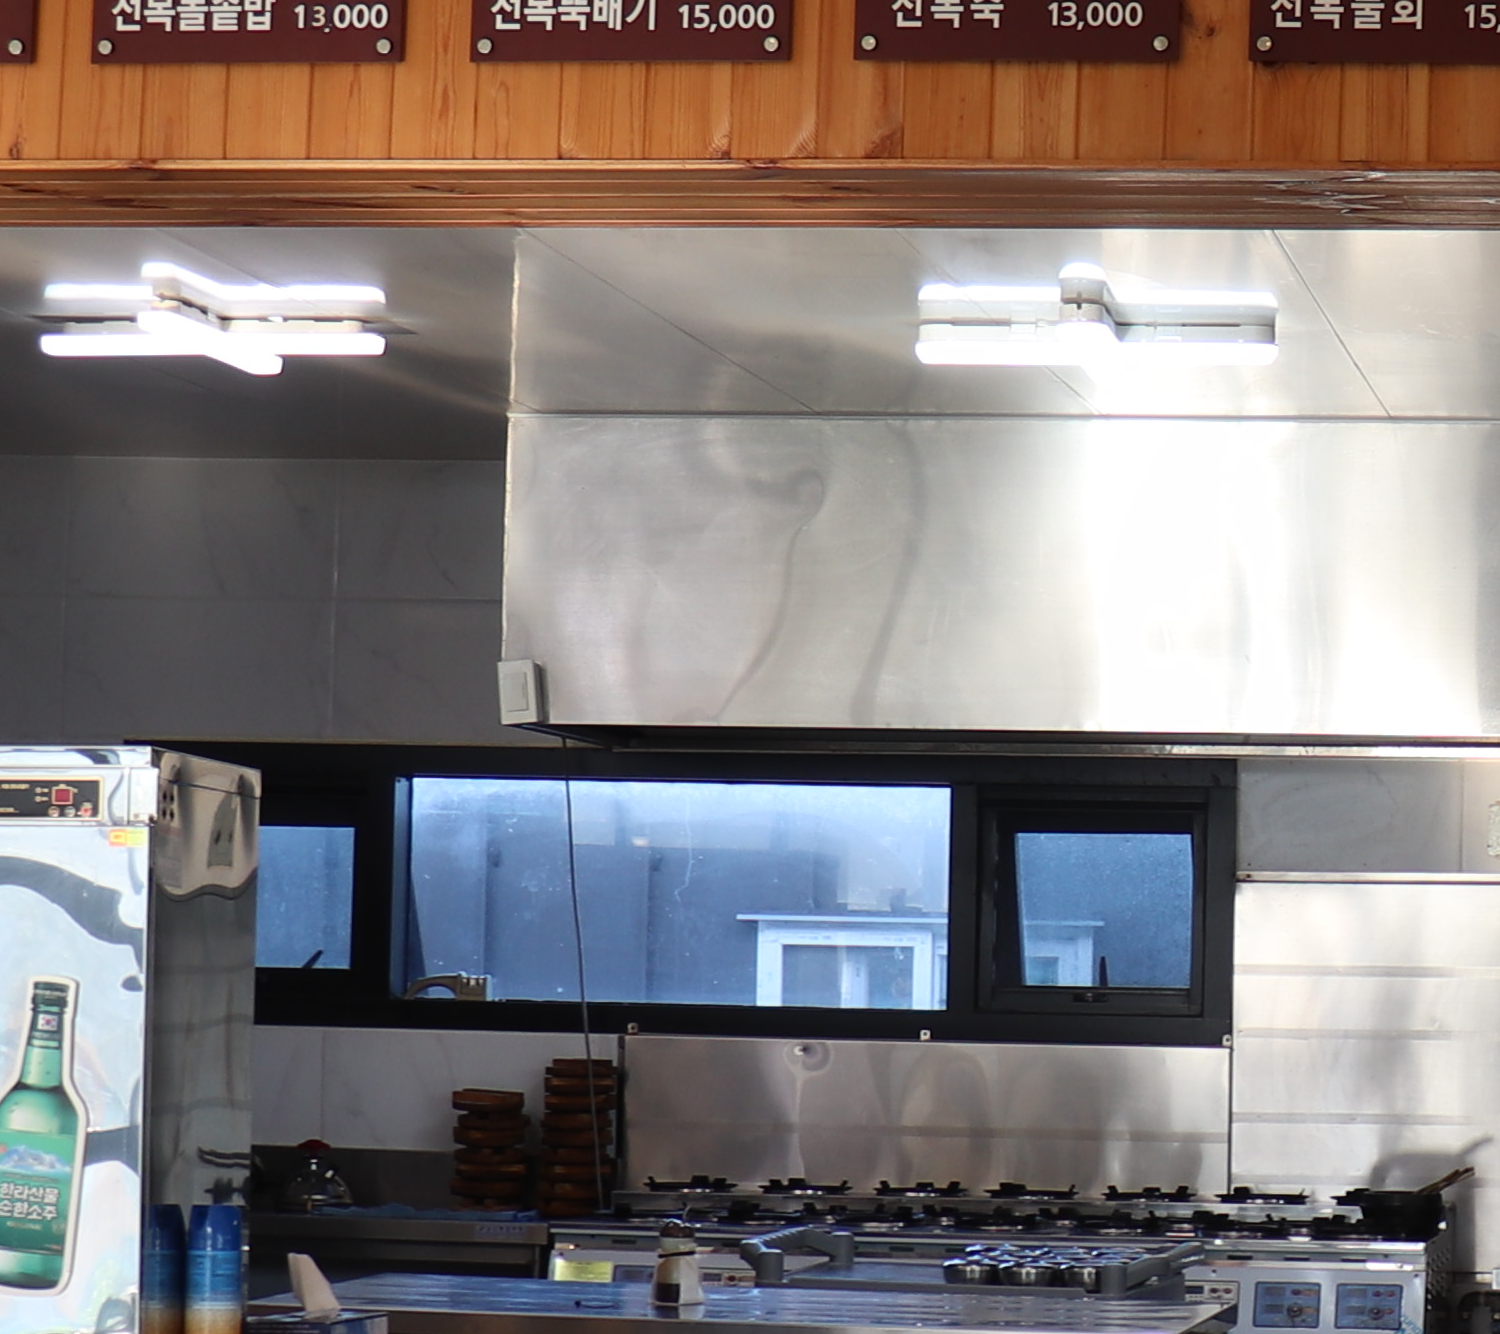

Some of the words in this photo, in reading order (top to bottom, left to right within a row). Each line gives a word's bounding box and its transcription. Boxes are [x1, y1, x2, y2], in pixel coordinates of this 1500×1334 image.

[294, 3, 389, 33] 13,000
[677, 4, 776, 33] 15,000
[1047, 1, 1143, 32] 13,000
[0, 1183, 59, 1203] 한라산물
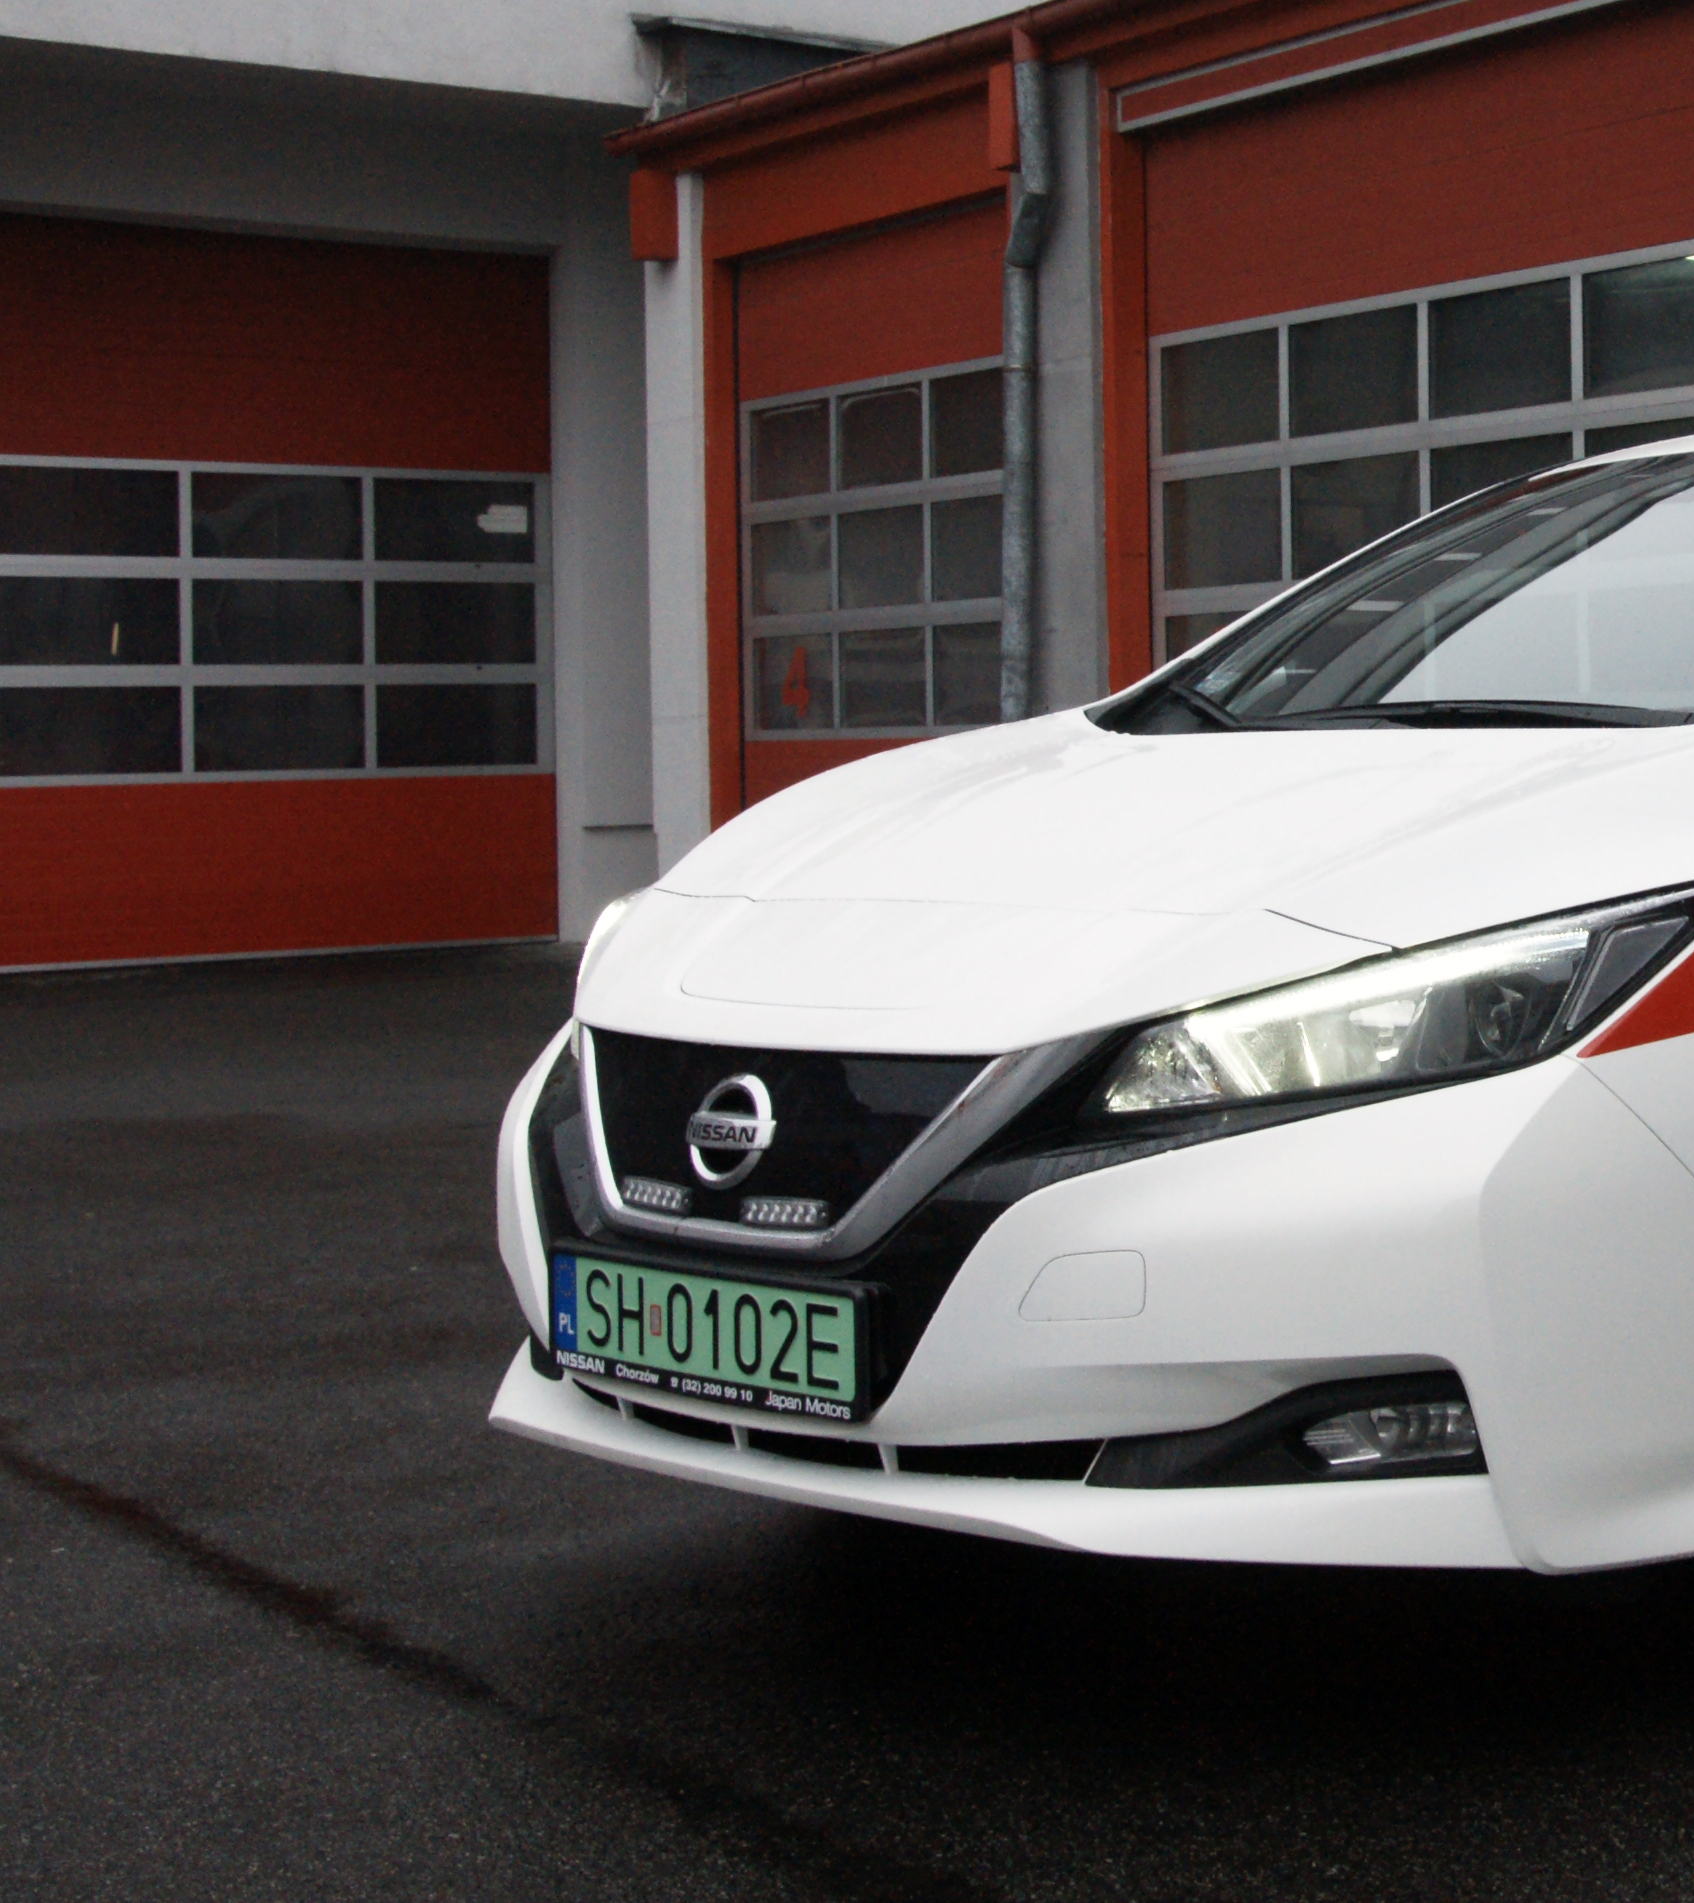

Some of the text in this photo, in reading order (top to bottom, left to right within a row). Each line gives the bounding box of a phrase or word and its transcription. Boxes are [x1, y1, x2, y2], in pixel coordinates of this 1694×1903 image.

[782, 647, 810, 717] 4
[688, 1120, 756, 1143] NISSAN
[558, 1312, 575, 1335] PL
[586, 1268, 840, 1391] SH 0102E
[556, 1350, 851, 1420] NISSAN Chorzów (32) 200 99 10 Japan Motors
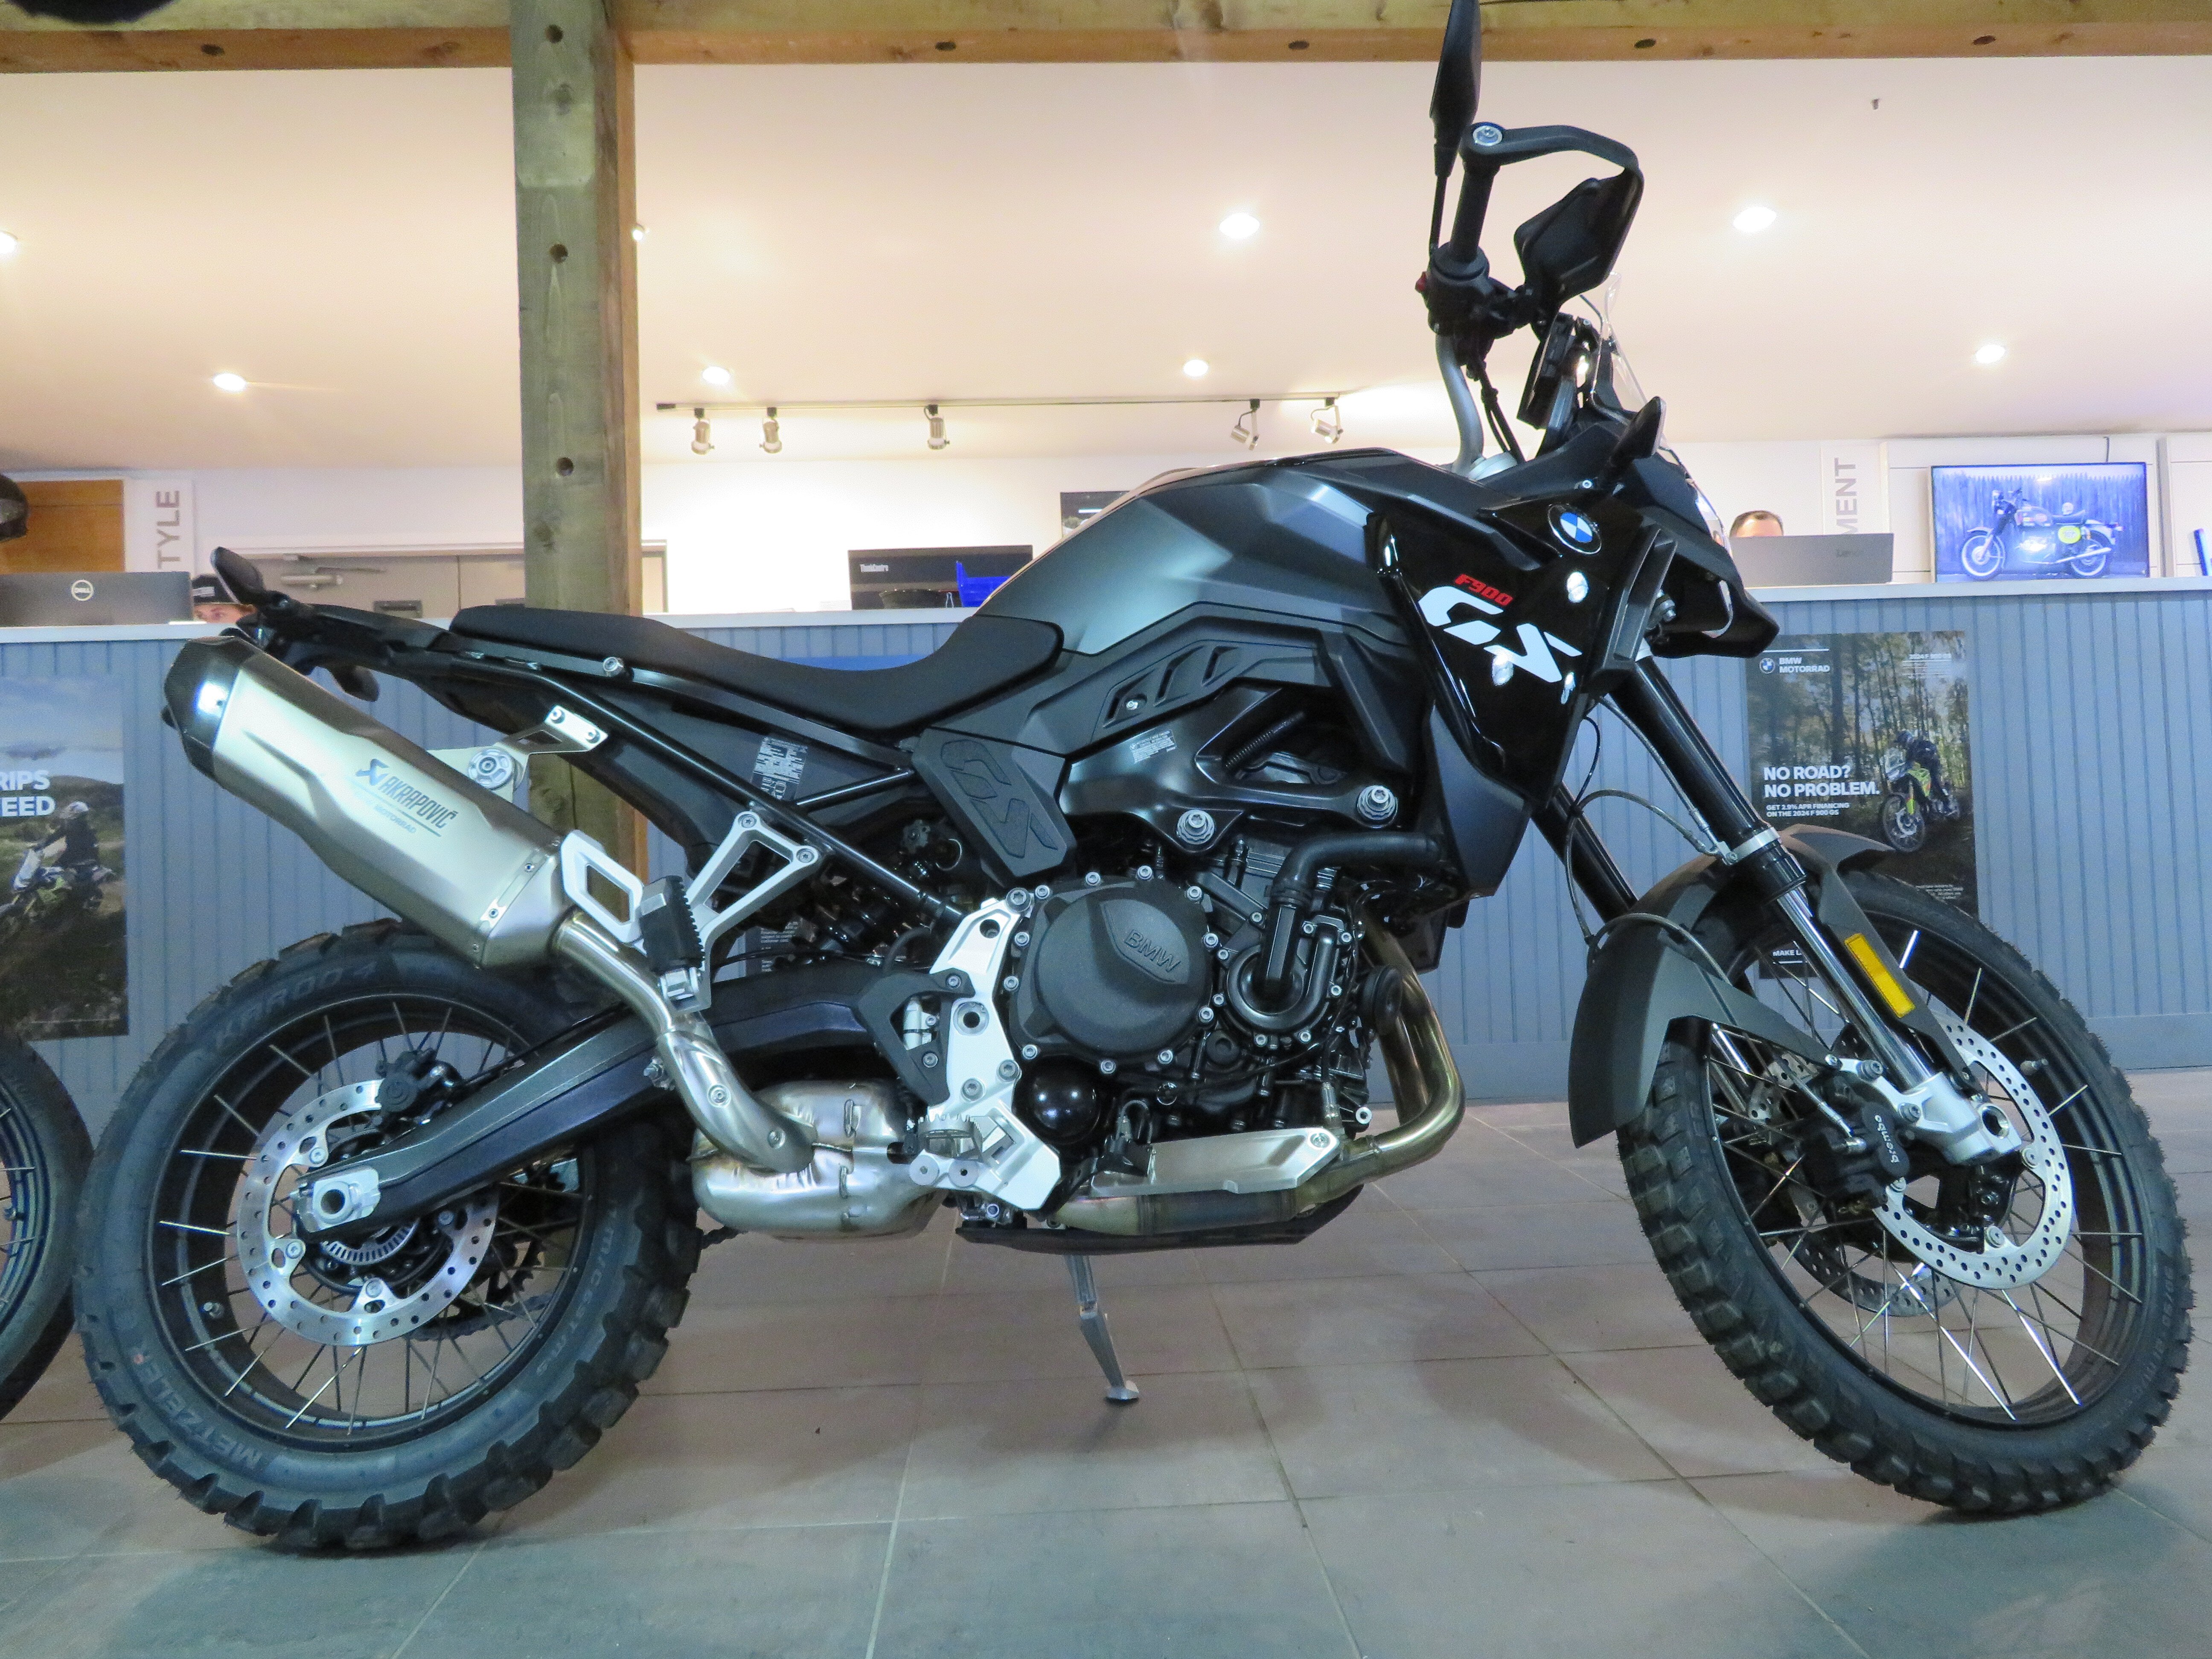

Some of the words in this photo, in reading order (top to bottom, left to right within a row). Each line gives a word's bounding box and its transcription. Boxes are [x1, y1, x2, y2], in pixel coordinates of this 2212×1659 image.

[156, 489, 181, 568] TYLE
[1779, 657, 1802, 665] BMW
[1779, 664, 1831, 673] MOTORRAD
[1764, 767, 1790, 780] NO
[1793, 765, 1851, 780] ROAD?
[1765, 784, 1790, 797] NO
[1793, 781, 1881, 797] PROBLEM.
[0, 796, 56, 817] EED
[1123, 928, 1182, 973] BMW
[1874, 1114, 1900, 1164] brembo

Task brief
Repeat all the records exactly, images excluded.

Task output
Some of the words in this photo, in reading order (top to bottom, left to right within a row). Each line gives a word's bounding box and its transcription. Boxes are [x1, y1, x2, y2], in pixel coordinates of this 1500×1334 image.

[294, 3, 389, 33] 13,000
[677, 4, 776, 33] 15,000
[1047, 1, 1143, 32] 13,000
[0, 1183, 59, 1203] 한라산물

Some of the text in this photo, in reading order (top to bottom, left to right within a row). Each line gives the bounding box of a phrase or word and its transcription. Boxes are [x1, y1, x2, y2], in pixel coordinates of this 1694×1903 image.

[782, 647, 810, 717] 4
[688, 1120, 756, 1143] NISSAN
[558, 1312, 575, 1335] PL
[586, 1268, 840, 1391] SH 0102E
[556, 1350, 851, 1420] NISSAN Chorzów (32) 200 99 10 Japan Motors

Some of the words in this photo, in reading order (top to bottom, left to right within a row). Each line gives a word's bounding box and its transcription. Boxes are [x1, y1, x2, y2], in pixel coordinates of this 2212×1659 image.

[156, 489, 181, 568] TYLE
[1779, 657, 1802, 665] BMW
[1779, 664, 1831, 673] MOTORRAD
[1764, 767, 1790, 780] NO
[1793, 765, 1851, 780] ROAD?
[1765, 784, 1790, 797] NO
[1793, 781, 1881, 797] PROBLEM.
[0, 796, 56, 817] EED
[1123, 928, 1182, 973] BMW
[1874, 1114, 1900, 1164] brembo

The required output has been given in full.